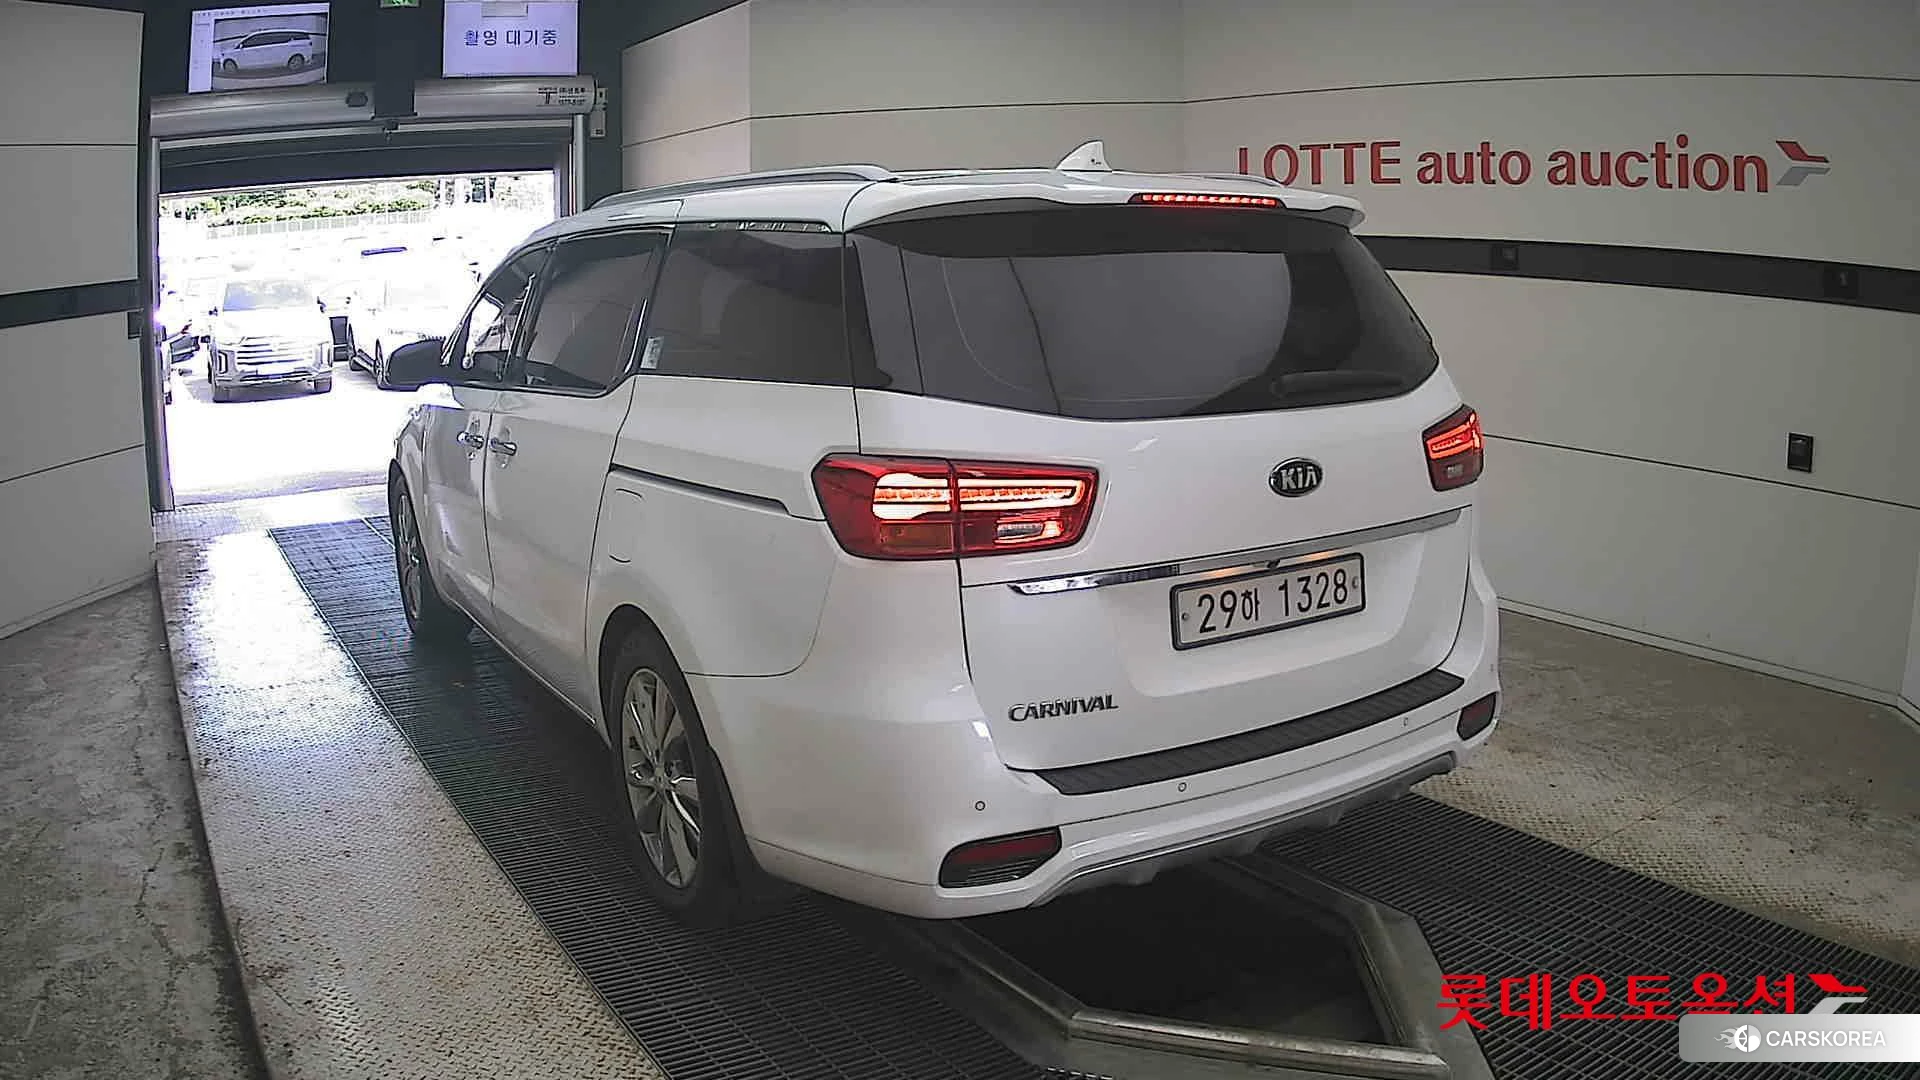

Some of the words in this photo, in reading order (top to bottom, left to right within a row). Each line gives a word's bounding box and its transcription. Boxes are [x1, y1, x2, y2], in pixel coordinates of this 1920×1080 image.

[465, 29, 498, 46] 촬영
[505, 29, 558, 46] 대기중
[1416, 141, 1532, 185] auto
[1547, 133, 1769, 194] auction
[1280, 465, 1317, 490] KIA
[1198, 587, 1260, 633] 29하
[1278, 570, 1348, 617] 1328
[1008, 694, 1119, 722] CARNIVAL

* **What is required**
Set down the entire material verbatim, with each picture left out.

* **Expected answer**
Some of the words in this photo, in reading order (top to bottom, left to right within a row). Each line gives a word's bounding box and its transcription. Boxes are [x1, y1, x2, y2], in pixel coordinates of this 1920×1080 image.

[465, 29, 498, 46] 촬영
[505, 29, 558, 46] 대기중
[1416, 141, 1532, 185] auto
[1547, 133, 1769, 194] auction
[1280, 465, 1317, 490] KIA
[1198, 587, 1260, 633] 29하
[1278, 570, 1348, 617] 1328
[1008, 694, 1119, 722] CARNIVAL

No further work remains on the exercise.